■ THE PROBLEM
Exactly reproduce the lines from the line containing "Some of the words" to the end of the data below, inclusive, and nothing else.

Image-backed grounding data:
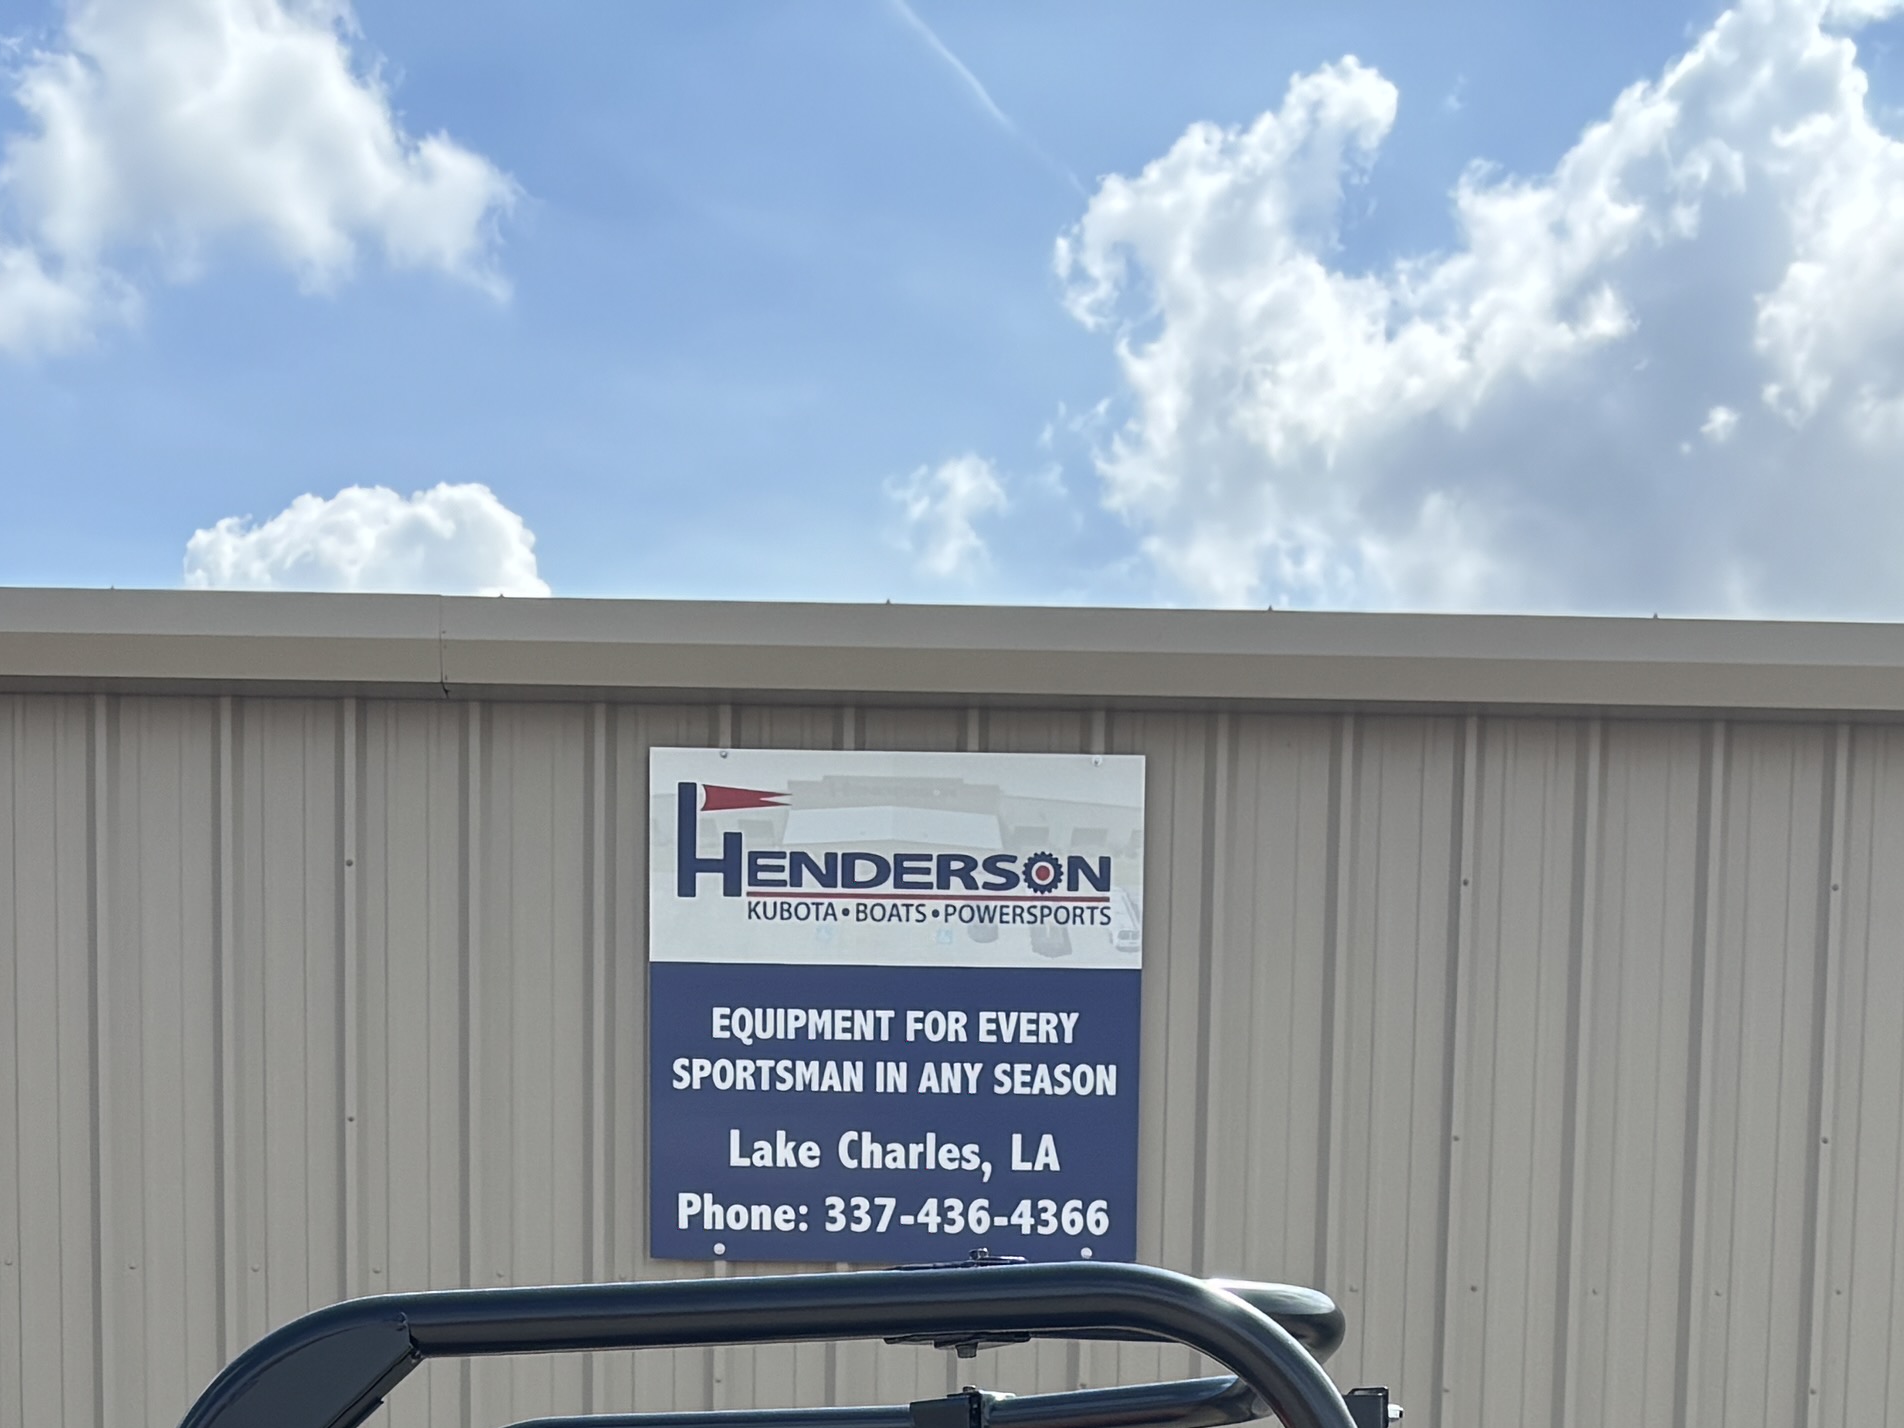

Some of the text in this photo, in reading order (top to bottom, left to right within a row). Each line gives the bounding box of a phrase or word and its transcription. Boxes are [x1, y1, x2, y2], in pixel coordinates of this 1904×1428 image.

[677, 782, 1112, 897] HENDERSON
[747, 901, 1112, 926] KUBOTA BOATS POWERSPORTS
[712, 1007, 1080, 1045] EQUIPMENT FOR EVERY
[672, 1058, 1117, 1096] SPORTSMAN IN ANY SEASON
[729, 1129, 1061, 1183] Lake Charles, LA
[677, 1193, 1110, 1236] Phone: 337-436-4366
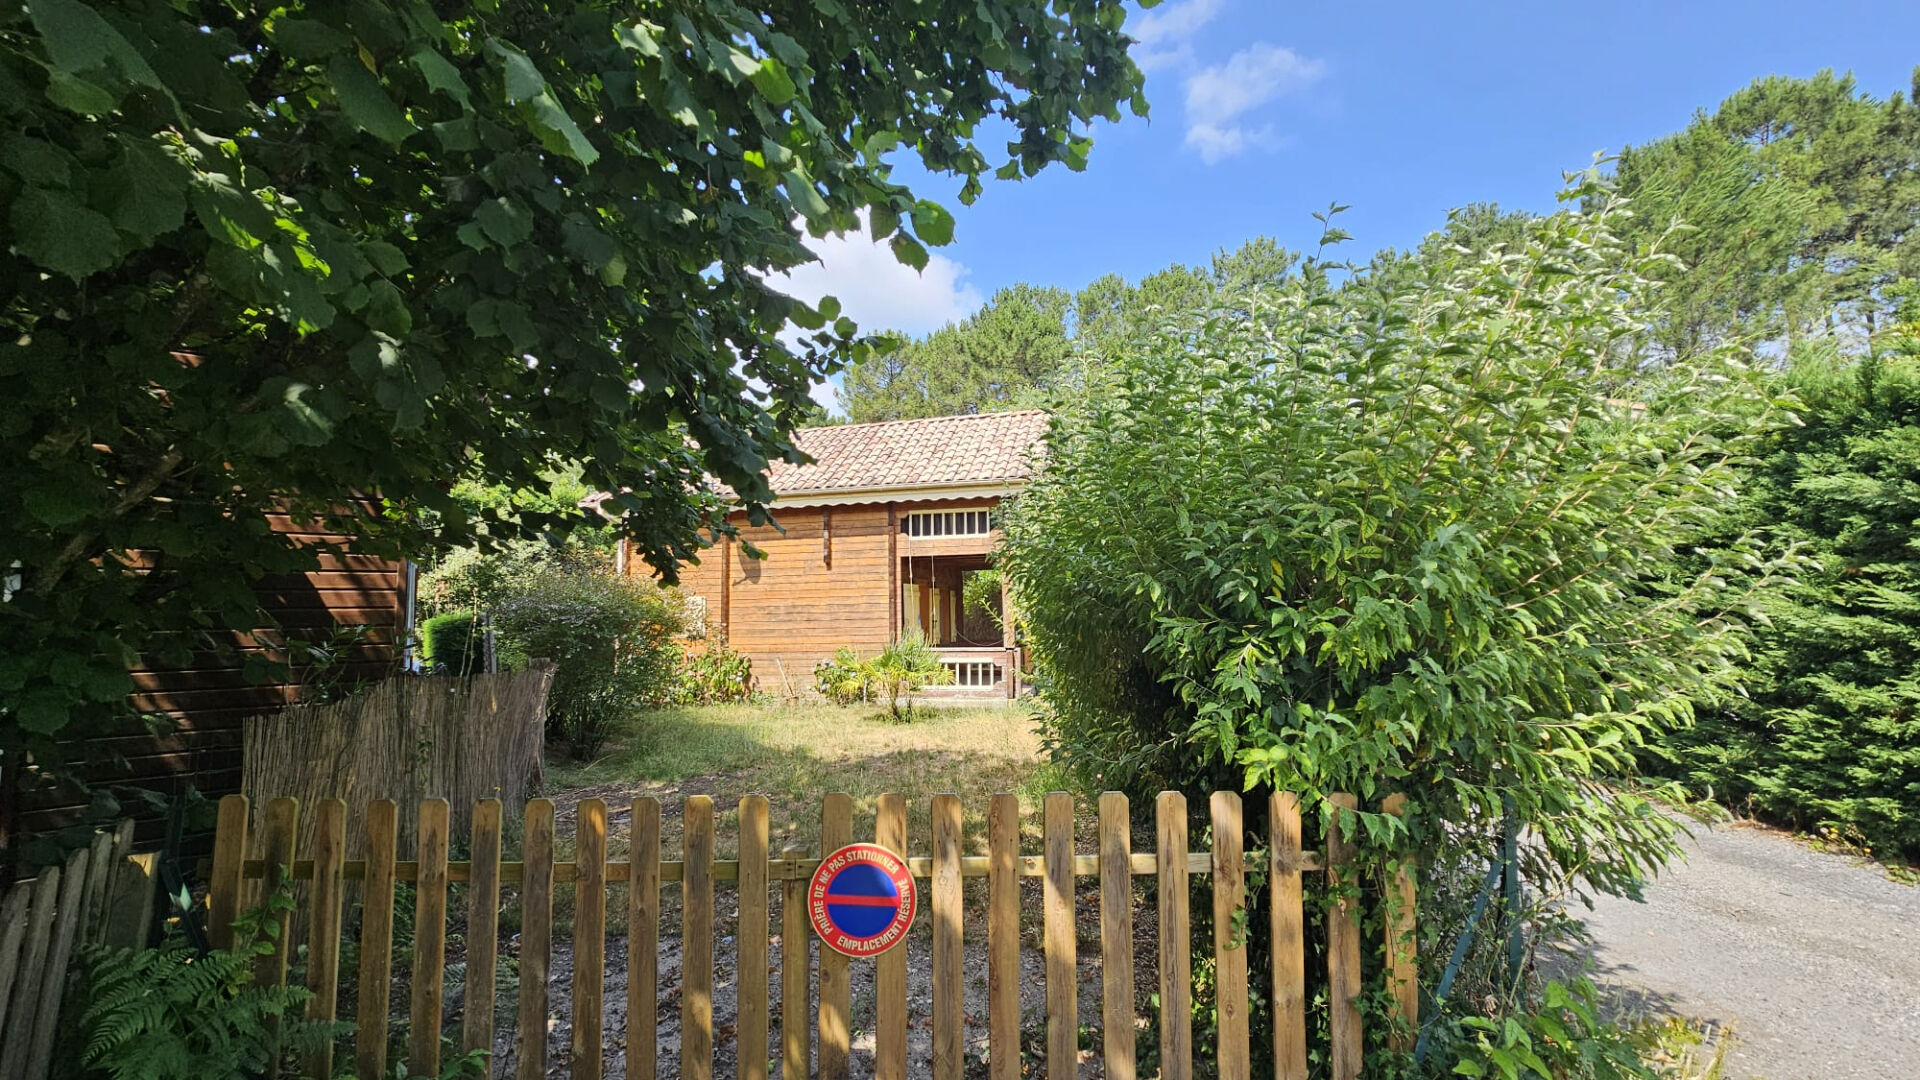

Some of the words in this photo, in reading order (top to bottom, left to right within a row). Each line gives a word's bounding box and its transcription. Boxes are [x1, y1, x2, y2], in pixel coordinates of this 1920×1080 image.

[828, 855, 846, 872] PAS
[846, 850, 899, 875] STATIONNER
[819, 870, 831, 884] NE
[814, 884, 825, 898] DE
[814, 900, 834, 935] PRIÈRE
[837, 921, 903, 951] EMPLACEMENT

■ THE COMPLETED TASK
Some of the words in this photo, in reading order (top to bottom, left to right within a row). Each line gives a word's bounding box and its transcription. Boxes are [x1, y1, x2, y2], in pixel coordinates of this 1920×1080 image.

[828, 855, 846, 872] PAS
[846, 850, 899, 875] STATIONNER
[819, 870, 831, 884] NE
[814, 884, 825, 898] DE
[814, 900, 834, 935] PRIÈRE
[837, 921, 903, 951] EMPLACEMENT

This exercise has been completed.